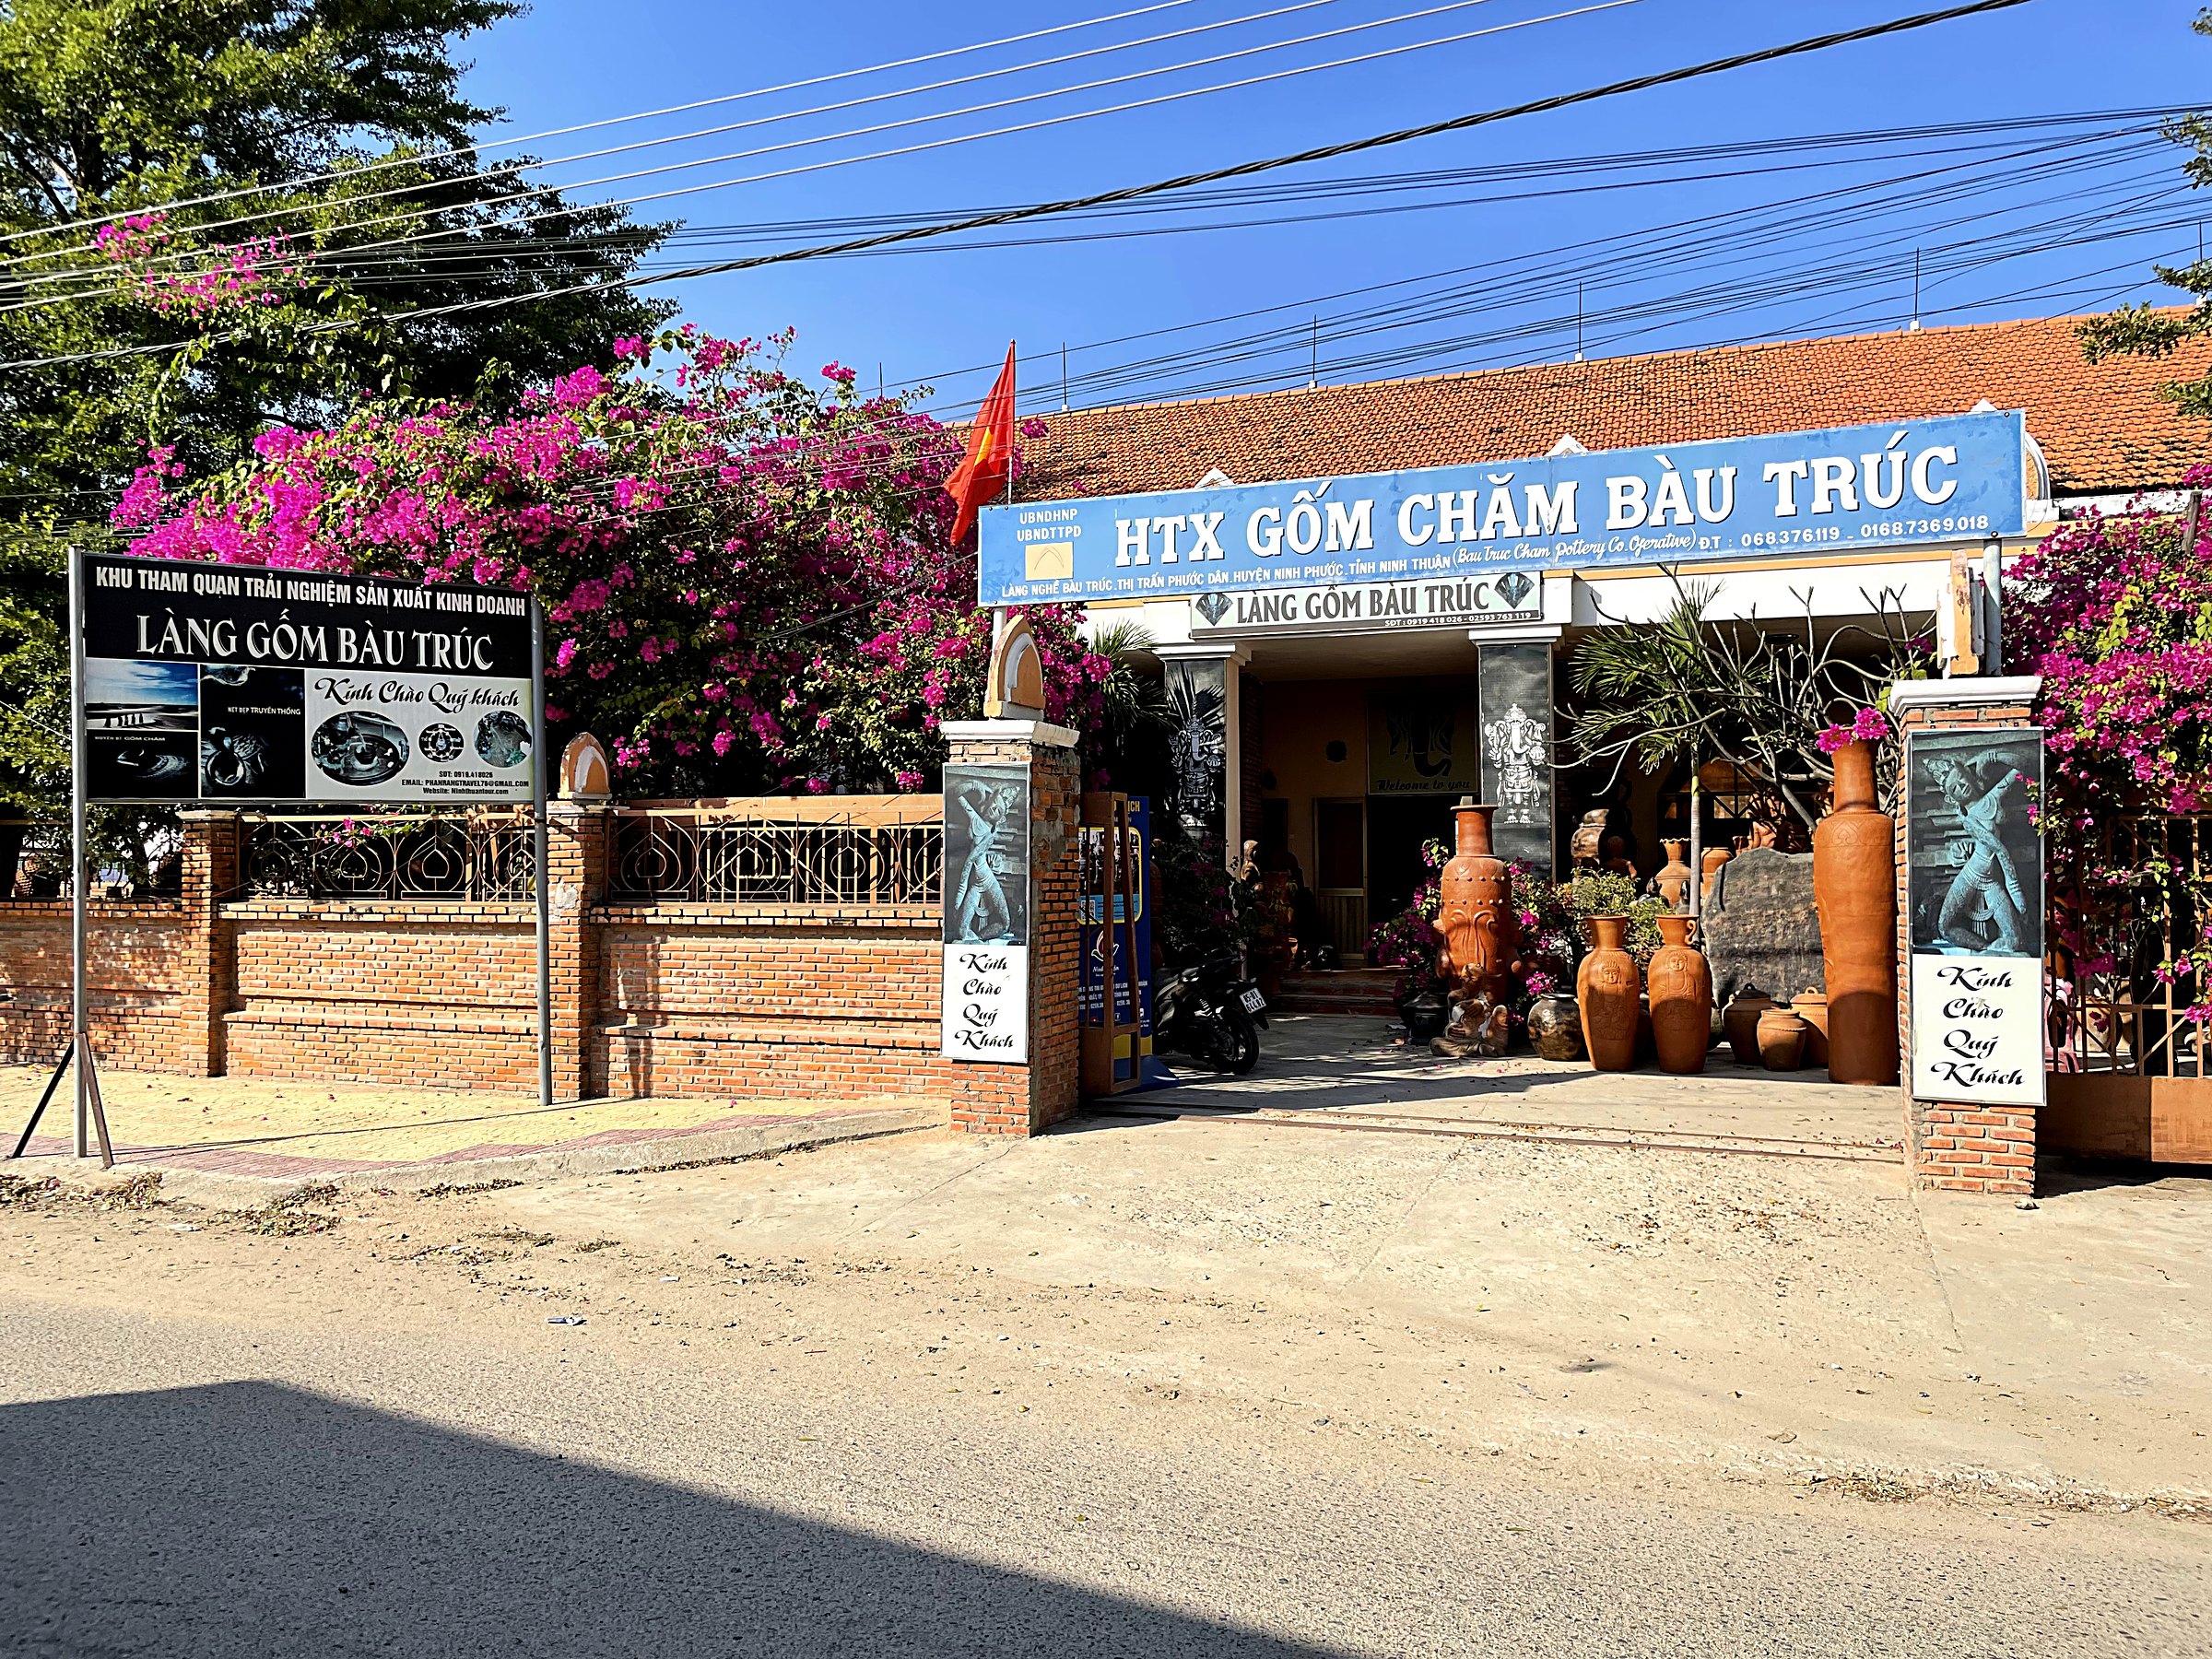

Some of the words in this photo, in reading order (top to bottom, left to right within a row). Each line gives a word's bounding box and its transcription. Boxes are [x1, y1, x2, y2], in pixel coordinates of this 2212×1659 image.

[1114, 511, 1225, 567] HTX
[1246, 481, 1375, 557] GỐM
[1396, 472, 1580, 547] CHĂM
[1605, 455, 1737, 530] BÀU
[1762, 430, 1958, 517] TRÚC
[1513, 542, 1550, 559] Cham
[1001, 582, 1029, 598] LÀNG
[1063, 580, 1083, 594] BÀU
[1137, 571, 1165, 589] TRẤN
[1168, 571, 1205, 587] PHƯỚC
[1274, 567, 1300, 580] NINH
[1380, 557, 1407, 572] NINH
[1411, 553, 1451, 571] THUẬN
[96, 566, 133, 589] KHU
[138, 570, 188, 593] THAM
[193, 573, 240, 596] QUAN
[244, 572, 282, 599] TRẢI
[287, 580, 351, 607] NGHIỆM
[356, 581, 389, 606] SẢN
[393, 583, 432, 609] XUẤT
[436, 592, 473, 613] KINH
[477, 595, 525, 617] DOANH
[1237, 590, 1298, 624] LÀNG
[1369, 582, 1417, 617] BÀU
[1424, 577, 1489, 613] TRÚC
[1407, 618, 1428, 626] 0919
[1468, 613, 1495, 622] 02593
[1497, 612, 1512, 620] 763
[136, 607, 238, 657] LÀNG
[246, 608, 328, 662] GỐM
[336, 620, 405, 665] BÀU
[412, 627, 494, 671] TRÚC
[314, 677, 374, 706] Kính
[378, 680, 424, 703] Chào
[428, 682, 469, 714] Quý
[468, 688, 520, 707] khách
[1376, 779, 1430, 791] Welcome
[1432, 779, 1444, 789] to
[1448, 781, 1470, 791] you
[959, 953, 1007, 973] Kính
[962, 978, 1002, 995] Chào
[1937, 966, 2015, 991] Kính
[962, 1003, 998, 1028] Quý
[1942, 997, 2004, 1019] Chào
[954, 1030, 1014, 1050] Khách
[1943, 1029, 1999, 1059] Quý
[1930, 1061, 2025, 1088] Khách

▬▬▬▬▬▬▬▬▬▬

*Task objective:* None of the images should be copied, but every entry must be given again exactly.

*Written solution:*
Some of the words in this photo, in reading order (top to bottom, left to right within a row). Each line gives a word's bounding box and its transcription. Boxes are [x1, y1, x2, y2], in pixel coordinates of this 2212×1659 image.

[1114, 511, 1225, 567] HTX
[1246, 481, 1375, 557] GỐM
[1396, 472, 1580, 547] CHĂM
[1605, 455, 1737, 530] BÀU
[1762, 430, 1958, 517] TRÚC
[1513, 542, 1550, 559] Cham
[1001, 582, 1029, 598] LÀNG
[1063, 580, 1083, 594] BÀU
[1137, 571, 1165, 589] TRẤN
[1168, 571, 1205, 587] PHƯỚC
[1274, 567, 1300, 580] NINH
[1380, 557, 1407, 572] NINH
[1411, 553, 1451, 571] THUẬN
[96, 566, 133, 589] KHU
[138, 570, 188, 593] THAM
[193, 573, 240, 596] QUAN
[244, 572, 282, 599] TRẢI
[287, 580, 351, 607] NGHIỆM
[356, 581, 389, 606] SẢN
[393, 583, 432, 609] XUẤT
[436, 592, 473, 613] KINH
[477, 595, 525, 617] DOANH
[1237, 590, 1298, 624] LÀNG
[1369, 582, 1417, 617] BÀU
[1424, 577, 1489, 613] TRÚC
[1407, 618, 1428, 626] 0919
[1468, 613, 1495, 622] 02593
[1497, 612, 1512, 620] 763
[136, 607, 238, 657] LÀNG
[246, 608, 328, 662] GỐM
[336, 620, 405, 665] BÀU
[412, 627, 494, 671] TRÚC
[314, 677, 374, 706] Kính
[378, 680, 424, 703] Chào
[428, 682, 469, 714] Quý
[468, 688, 520, 707] khách
[1376, 779, 1430, 791] Welcome
[1432, 779, 1444, 789] to
[1448, 781, 1470, 791] you
[959, 953, 1007, 973] Kính
[962, 978, 1002, 995] Chào
[1937, 966, 2015, 991] Kính
[962, 1003, 998, 1028] Quý
[1942, 997, 2004, 1019] Chào
[954, 1030, 1014, 1050] Khách
[1943, 1029, 1999, 1059] Quý
[1930, 1061, 2025, 1088] Khách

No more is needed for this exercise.